Closer to home we bring news from the other direction. In Indiana, a former convict who taught himself law while in prison is suing the state to let him sit for the bar exam without attending law school first. According to a suit filed by Clarence Carter, the state's rule requiring examinees to have a law school degree violates his constitutional rights to due process and equal protection. It seems that Mr. Carter, who has received his bachelors degree since being released from prison, has applied to 13 law schools and been rejected by each. He argues that a candidate that passes the bar exam without a law degree is more qualified to work as an attorney than a candidate who graduates from law school but fails to pass the exam.
These two stories raise an interesting question: Is the bar exam a suitable tool for screening would be lawyers? If so, why should a JD be required? If not, why have a bar exam?

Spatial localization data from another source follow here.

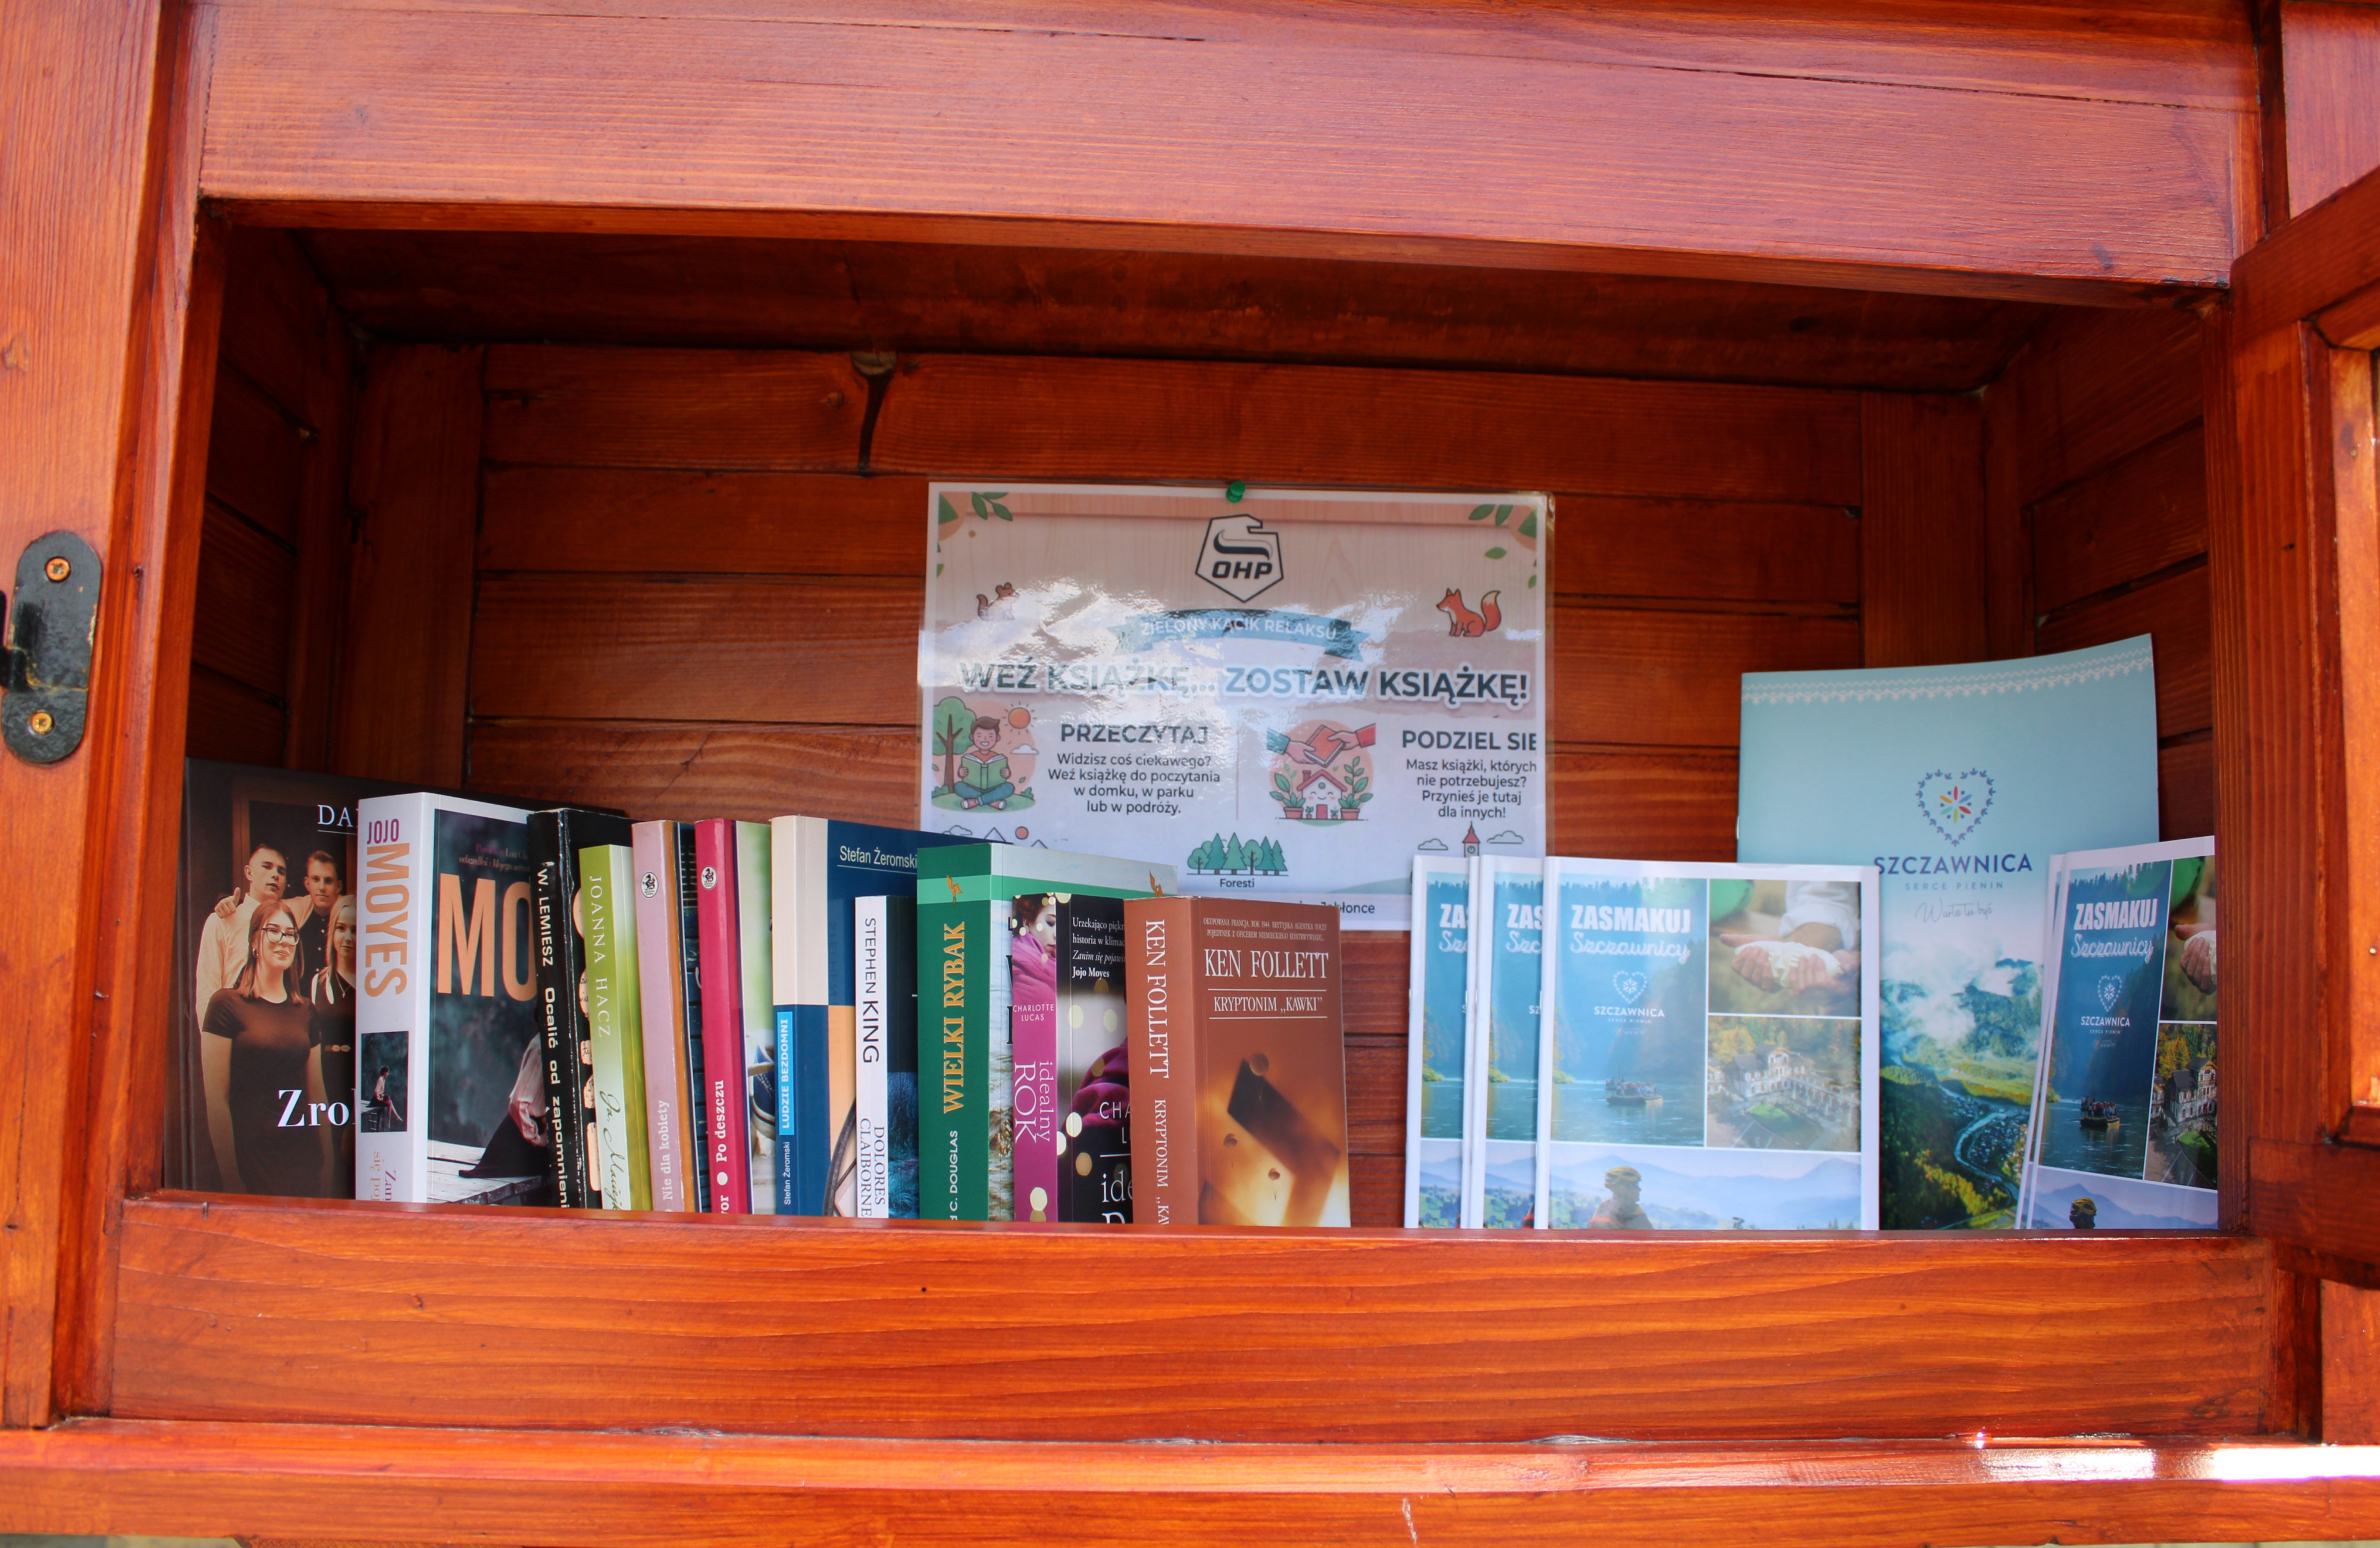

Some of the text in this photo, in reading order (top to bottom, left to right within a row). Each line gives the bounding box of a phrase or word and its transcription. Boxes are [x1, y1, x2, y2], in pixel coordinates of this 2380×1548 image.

[1211, 561, 1273, 579] OHP
[1141, 619, 1207, 636] ZIELONY
[1264, 619, 1337, 640] RELAKSU
[959, 656, 1037, 688] WEŹ
[1225, 667, 1368, 696] ZOSTAW
[1380, 665, 1527, 706] KSIĄŻKĘ!
[1061, 724, 1208, 744] PRZECZYTAJ
[1402, 730, 1501, 750] PODZIEL
[1057, 753, 1211, 769] Widzisz coś ciekawego?
[1406, 759, 1536, 774] Masz książki, których
[1048, 768, 1220, 784] Weź książkę do poczytania
[1417, 774, 1526, 789] nie potrzebujesz?
[1074, 785, 1194, 800] w domku, w parku
[1423, 790, 1521, 805] Przynieś je tutaj
[318, 804, 358, 828] DA
[1087, 800, 1181, 815] lub w podróży.
[1438, 806, 1506, 820] dla innych!
[367, 818, 400, 845] JOJO
[840, 845, 917, 868] Stefan Żeromski
[1874, 853, 2033, 875] SZCZAWNICA
[537, 868, 549, 892] W.
[1220, 878, 1255, 888] Foresti
[1905, 881, 2003, 891] SERCE PIENIN
[365, 842, 410, 997] MOYES
[1072, 917, 1107, 931] Urzekająco
[1203, 917, 1230, 927] OKUPOWANA
[1571, 904, 1691, 934] ZASMAKUJ
[2074, 899, 2158, 931] ZASMAKUJ
[539, 896, 553, 967] LEMIESZ
[1072, 933, 1097, 945] historia
[1146, 920, 1166, 967] KEN
[1207, 929, 1231, 939] POJEDYNEK
[590, 875, 611, 1037] JOANNA HACZ
[1072, 950, 1094, 961] Zanim
[1570, 931, 1690, 965] Szczawnicy
[2071, 933, 2153, 964] Szczawnicy
[943, 921, 965, 1008] RYBAK
[1072, 966, 1110, 980] Jojo Moyes
[1204, 949, 1329, 978] KEN FOLLETT
[862, 918, 879, 1064] STEPHEN KING
[1013, 1003, 1054, 1012] CHARLOTTE
[1214, 997, 1277, 1012] KRYPTONIM
[1593, 1006, 1665, 1018] SZCZAWNICA
[545, 987, 558, 1049] Ocalić
[1147, 974, 1169, 1079] FOLLETT
[2080, 1016, 2131, 1027] SZCZAWNICA
[780, 1019, 789, 1083] BEZDOMNI
[550, 1060, 560, 1084] od
[943, 1016, 965, 1114] WIELKI
[277, 1089, 355, 1127] Zro
[715, 1080, 726, 1139] deszczu
[781, 1085, 790, 1129] LUDZIE
[1014, 1061, 1036, 1144] ROK
[1036, 1061, 1054, 1142] idealny
[658, 1100, 673, 1200] Nie dla kobiety
[716, 1144, 727, 1162] Po
[1155, 1099, 1169, 1188] KRYPTONIM
[370, 1151, 385, 1172] się
[860, 1118, 872, 1216] CLAIBORNE
[874, 1126, 885, 1205] DOLORES
[949, 1130, 959, 1193] DOUGLAS

Indiana argues that law school teaches skills and values needed to be a lawyer, but this argument rings hollow in light of recent stories about the failure of law schools to prepare students for the practice of law. Furthermore, bar associations across the country already have a “values” or moral fitness component to membership. In the case at hand, even if he were to pass the bar exam, Mr. Carter would need an exemption before joining the bar due to his felony conviction. Certainly most people would have trouble passing the bar exam without first attending law school, and in states that do allow for an alternate path to the bar exam only 19 percent of such examinees passed in 2009. But that's hardly an argument for refusing to let self educated applicants take the test. If anything it shows that even if the law school requirement were lifted, law schools would still retain relevance.
In a recent blog posting, author turned lawyer Elizabeth Wurtzel questioned the value of the bar exam. In it, she included a list of prominent lawyers, past and present, that failed the bar exam. Heading her list is Kathleen Sullivan, former Dean of Stanford Law and current named partner at Quinn Emanuel. Sullivan's career in academia includes a stint as a professor at Harvard Law and authorship of a major textbook on constitutional law. After leaving academia she took the bar exam in preparation for entering private practice and failed it.

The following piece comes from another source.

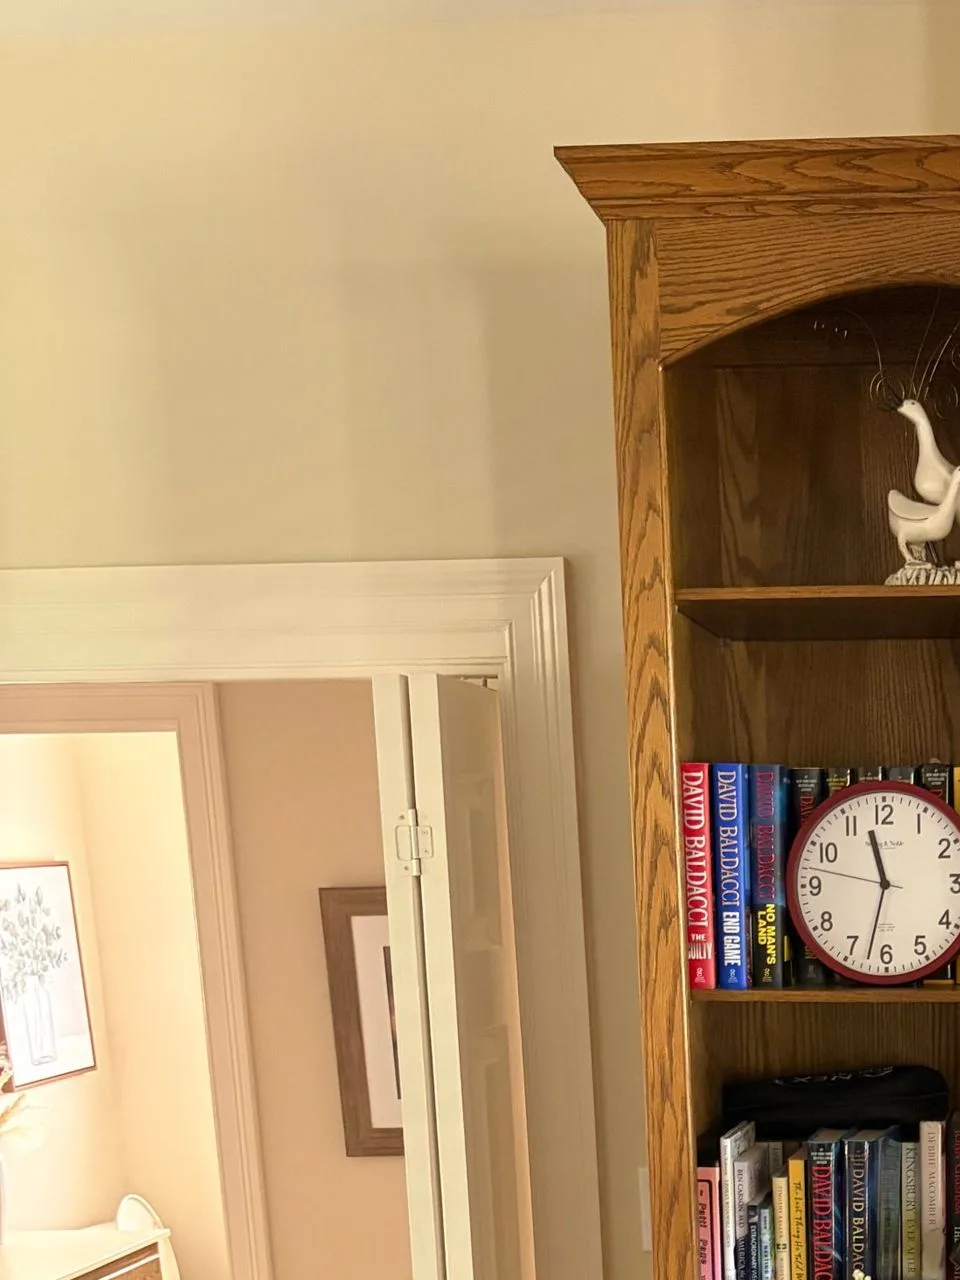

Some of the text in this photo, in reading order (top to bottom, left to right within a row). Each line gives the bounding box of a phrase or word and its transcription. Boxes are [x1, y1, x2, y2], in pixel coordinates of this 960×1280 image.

Other notables that failed the exam according to Wurtzel include: Current and former First Ladies Michelle Obama and Hillary Clinton, President Franklin Roosevelt, California Attorney General Jerry Brown, former California Governor Pete Wilson who, along with the Mayor of Los Angeles Antonio Villaraigosa, needed four tries, and former Supreme Court Justice Benjamin Cardozo who needed six attempts.
It's difficult to claim that the bar exam is a suitable mechanism for screening potential lawyers when such well respected lawyers, judges and politicians are unable to pass. Wurtzel herself sparked some controversy after holding herself out as a lawyer despite failing the bar exam. She passed it on her second try.